The DHDDS gene gets its acronym from the enzyme it encodes: dehydrodolichyl diphosphate synthase. It’s responsible for the conversion of the one-to-many metabolite farnesyl to polyprenol, which is the precursor of dolichol. Dolichol serves as the foundation on top of which a glycan chain is elaborated by an assembly line of worker bee enzymes, one sugar brick at a time, as summarized in the diagram below.
No dolichol, no glycoproteins, yes disease. But how exactly?

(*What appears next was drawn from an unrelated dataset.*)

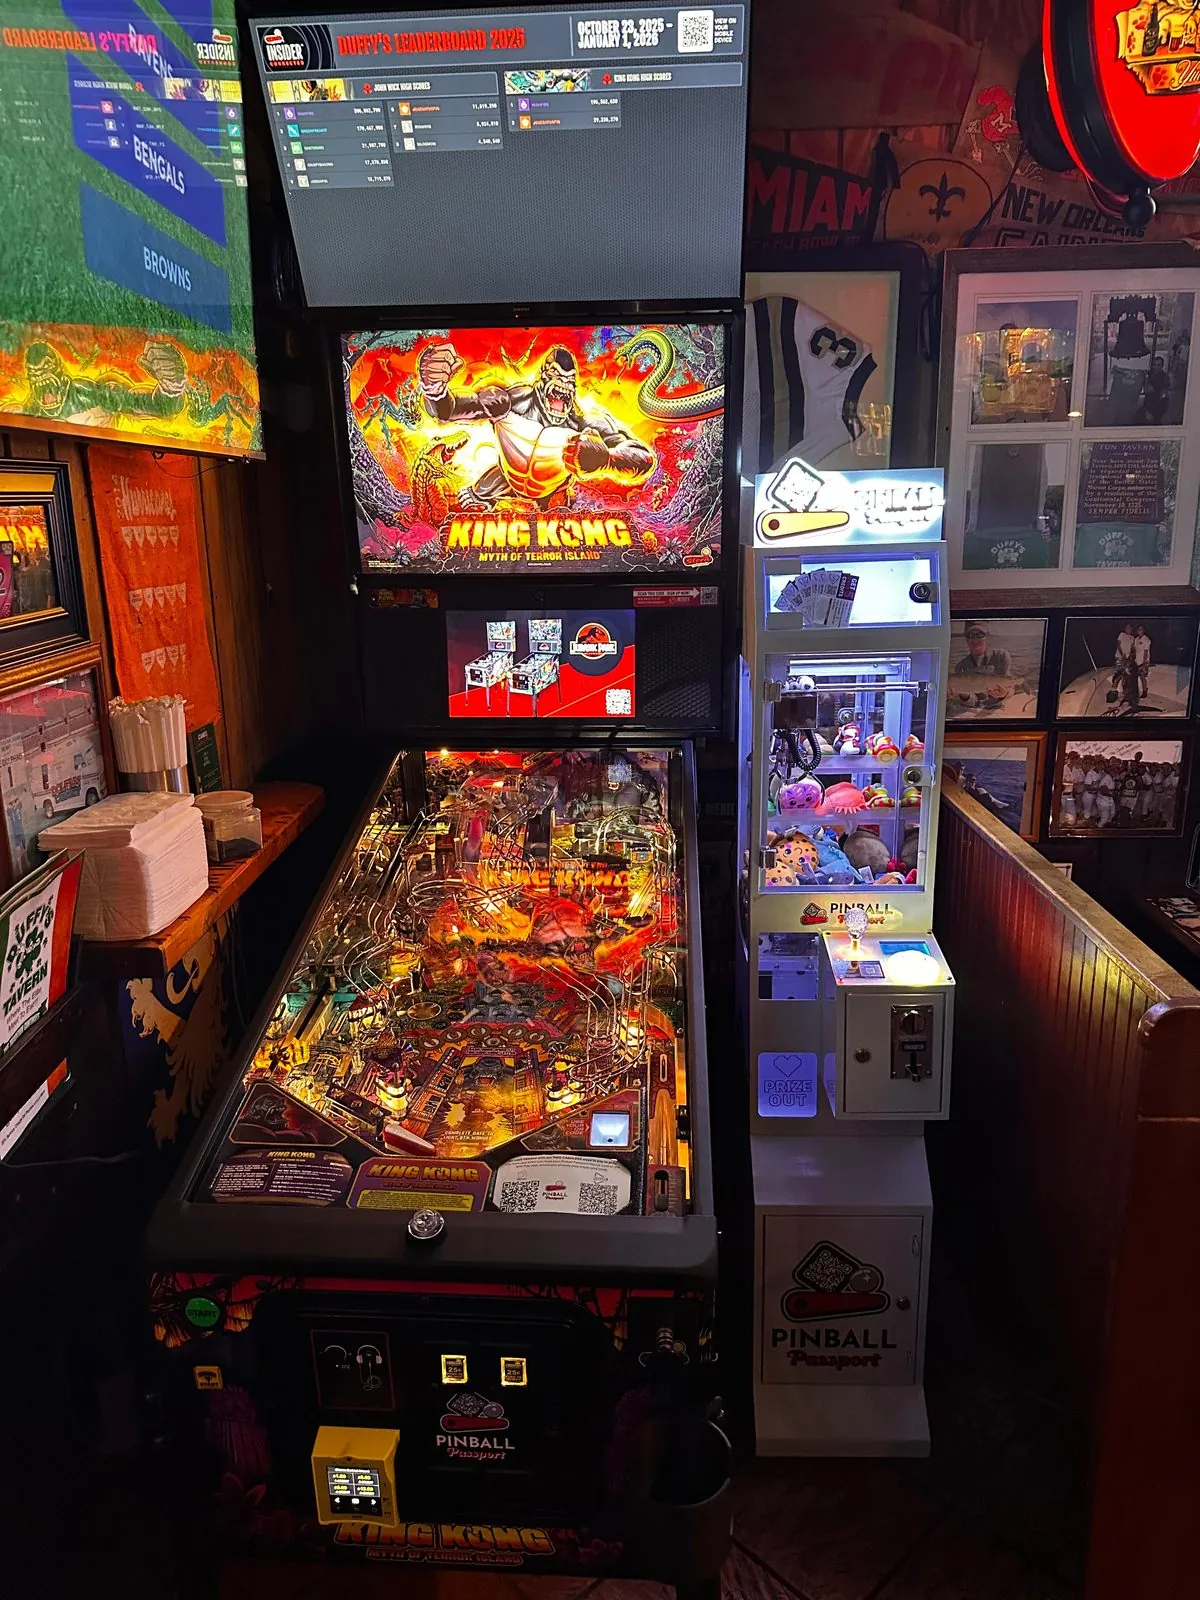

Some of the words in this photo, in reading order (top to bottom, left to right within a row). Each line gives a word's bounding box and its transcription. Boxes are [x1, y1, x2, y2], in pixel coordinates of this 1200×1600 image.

In the simplest cases of inherited metabolic diseases (IMDs) where just one self-contained subnetwork of the grid is knocked out by mutation, dietary supplementation or restriction of a single metabolite can be curative if implemented in infancy. Think biotin supplementation for biotinidase deficiency, and phenylalanine restriction for phenylketonuria (PKU). Rephrased in the parlance of biochemists, dietary supplementation becomes substrate replacement therapy, and dietary restriction transforms to substrate reduction therapy.
Longtime readers will remember that substrate reduction therapy constitutes the therapeutic basis for treating SRD5A3-CDG with atorvastatin. SRD5A3 happens to be the enzyme two stops down the line from DHDDS. We hypothesize that lowering the flux of the upstream metabolite mevalonate prevents toxic overproduction of polyprenol, which competes head-to-head with dolichol leading to immature glycan formation and hypo-glycosylation. Polyprenol is one of many downstream products generated from mevalonate, whose biosynthesis by the enzyme HMG-CoA is inhibited by statins.

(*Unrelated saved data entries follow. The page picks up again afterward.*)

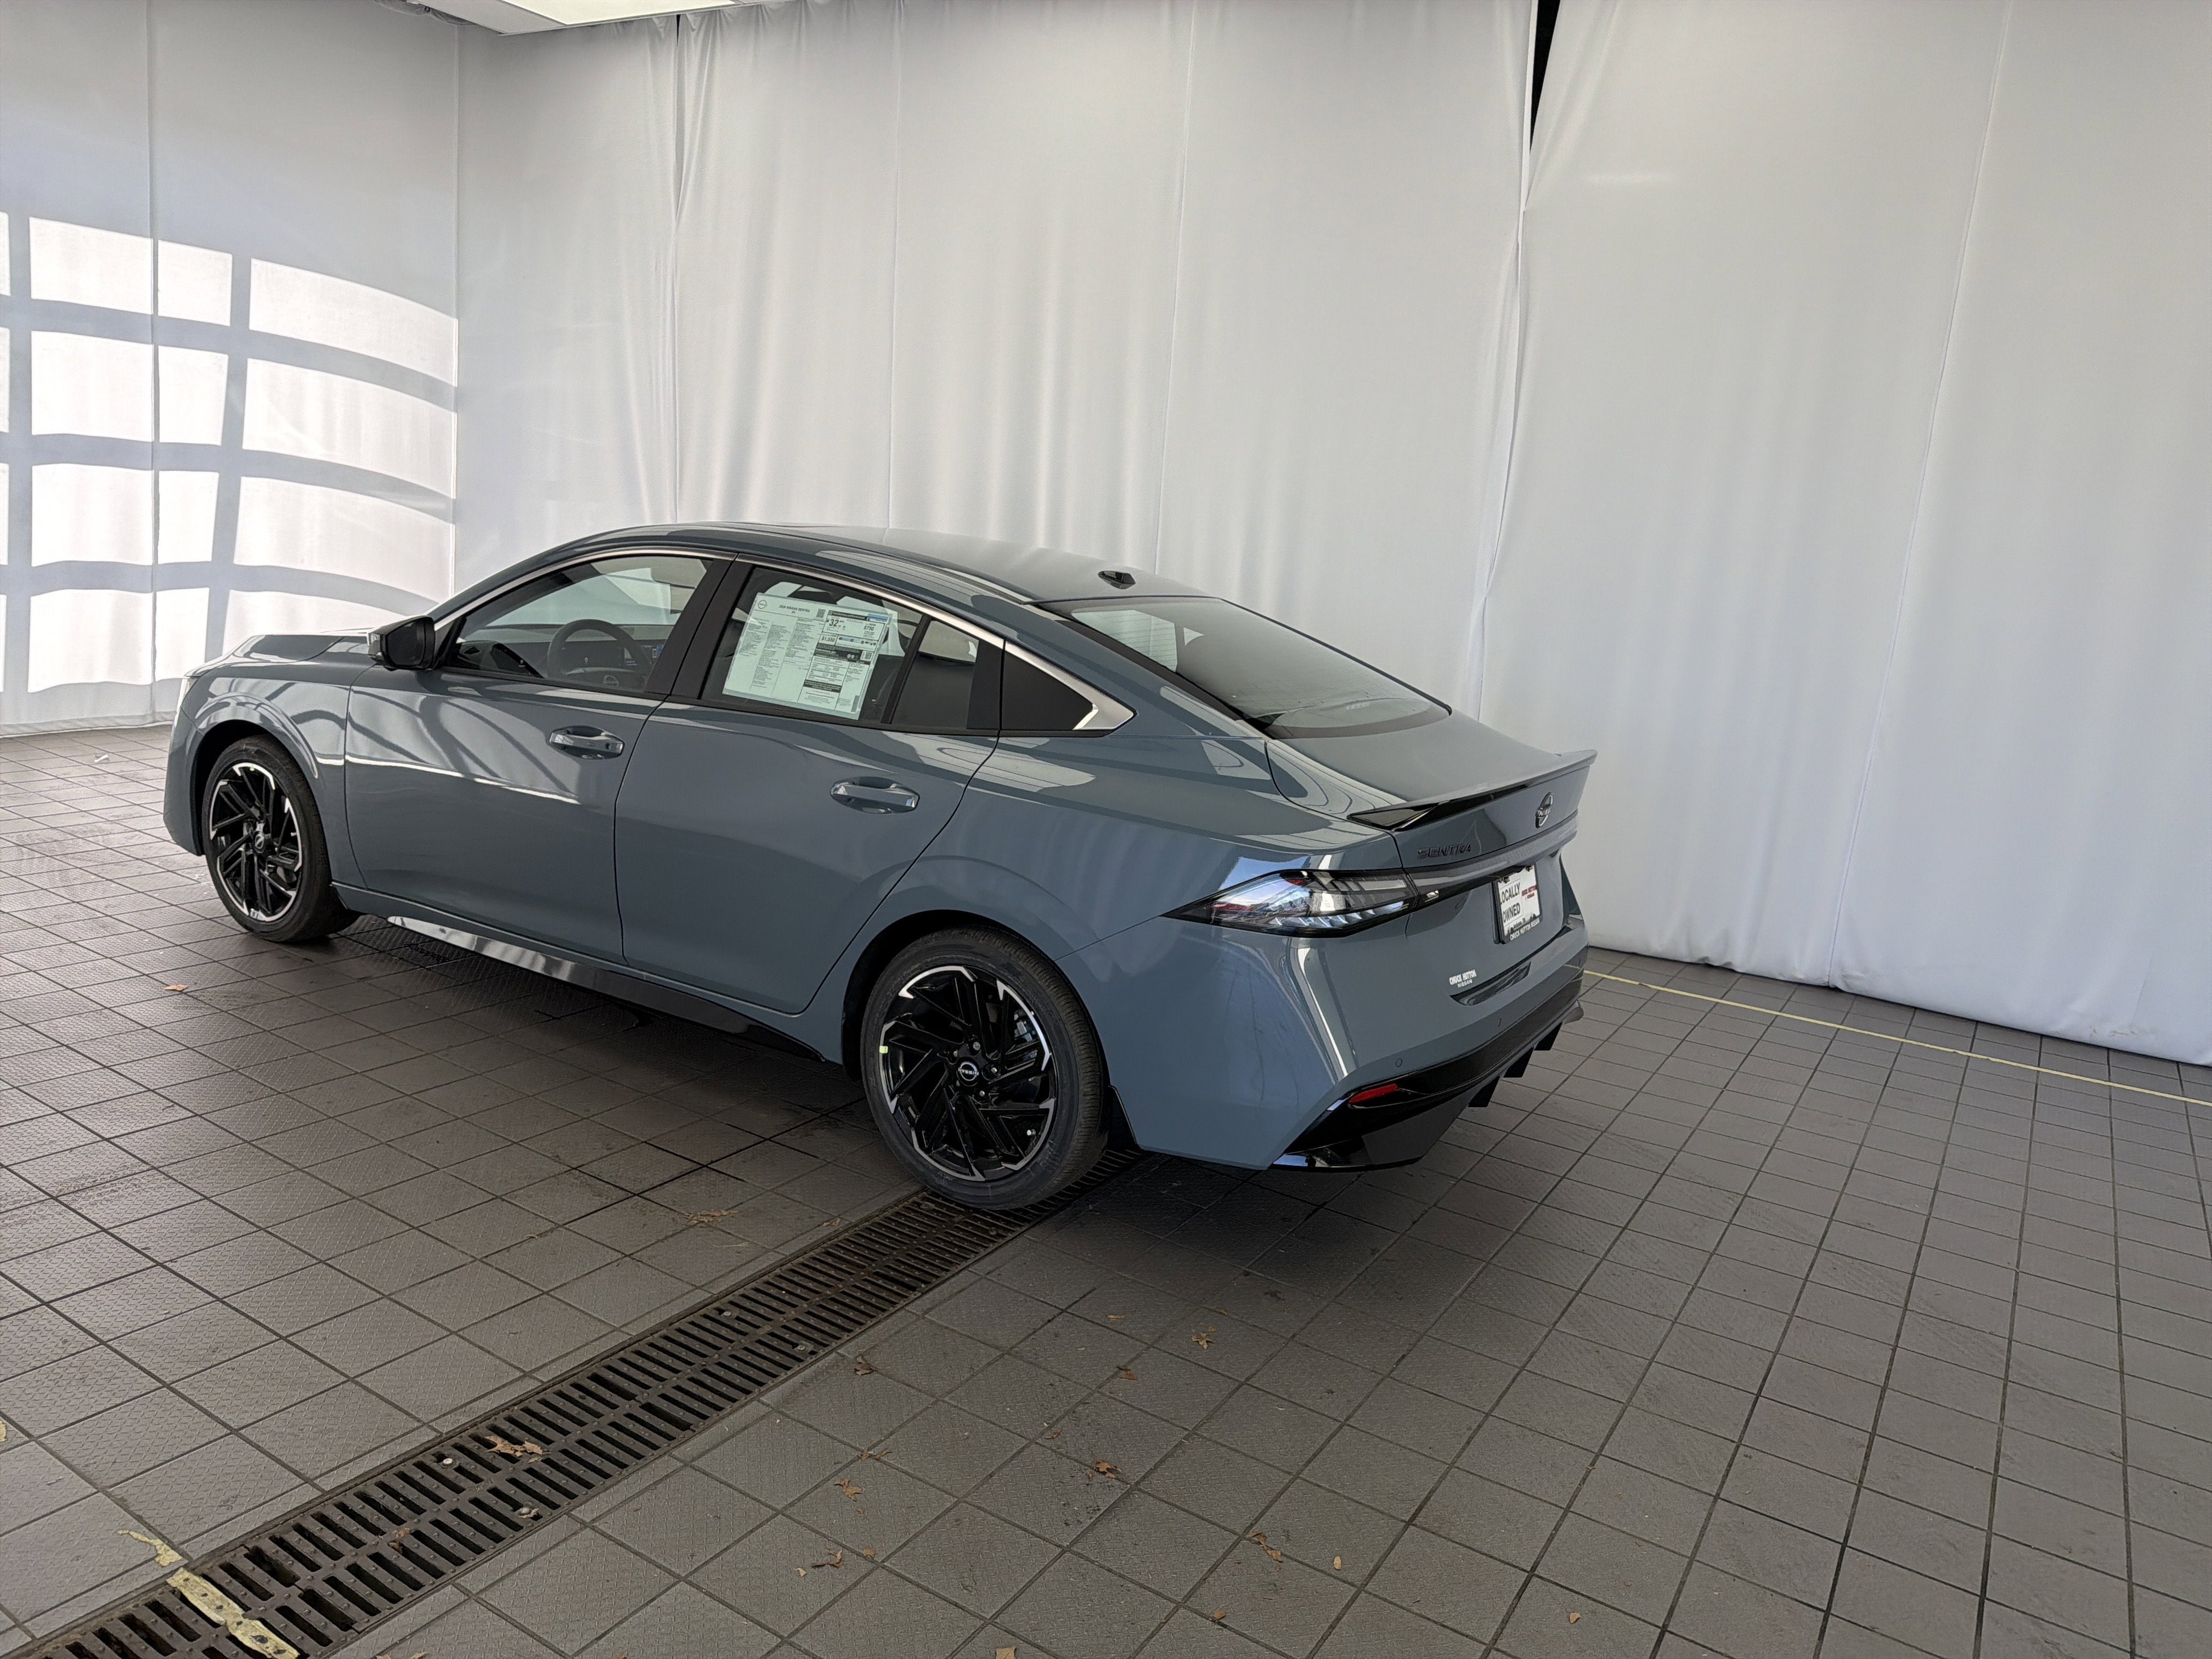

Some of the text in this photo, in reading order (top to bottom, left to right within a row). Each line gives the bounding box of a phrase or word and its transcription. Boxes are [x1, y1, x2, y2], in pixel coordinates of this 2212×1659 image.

[829, 618, 839, 627] 32
[1538, 808, 1551, 816] NISS
[1418, 843, 1471, 859] SENTRA
[1503, 902, 1521, 923] OWNED
[1510, 929, 1520, 941] CHUCK
[1520, 923, 1531, 935] HUTTON
[1449, 969, 1477, 985] CHUCK HUTTON
[958, 1067, 979, 1076] NISSAN

However, the critical difference between SRD5A3 and DHDDS is that human life is incompatible with complete loss of DHDDS, while SRD5A3 has a close cousin called SRD5A2 that partially backfills the loss of SRD5A3. In other words, there must always be some residual DHDDS enzymatic activity in every cell, even if only a modicum of normal levels. Instead of slowing down the tempo, what if the remedy in cases like DHDDS deficiency is to make the enzymes positioned after DHDDS in the assembly line work harder, i.e., substrate enhancement therapy?
A single hobbled enzyme like DHDDS can be a flashpoint for multidirectional disruptions that sweep unevenly across the grid of cellular metabolism, surging flows at some chokepoints while tripping circuit breakers at others; simultaneously causing there to be too little or too much of key metabolites; and, therefore, demanding multi-pronged therapeutic strategies that restore balance to the diseased metabolic network as a whole.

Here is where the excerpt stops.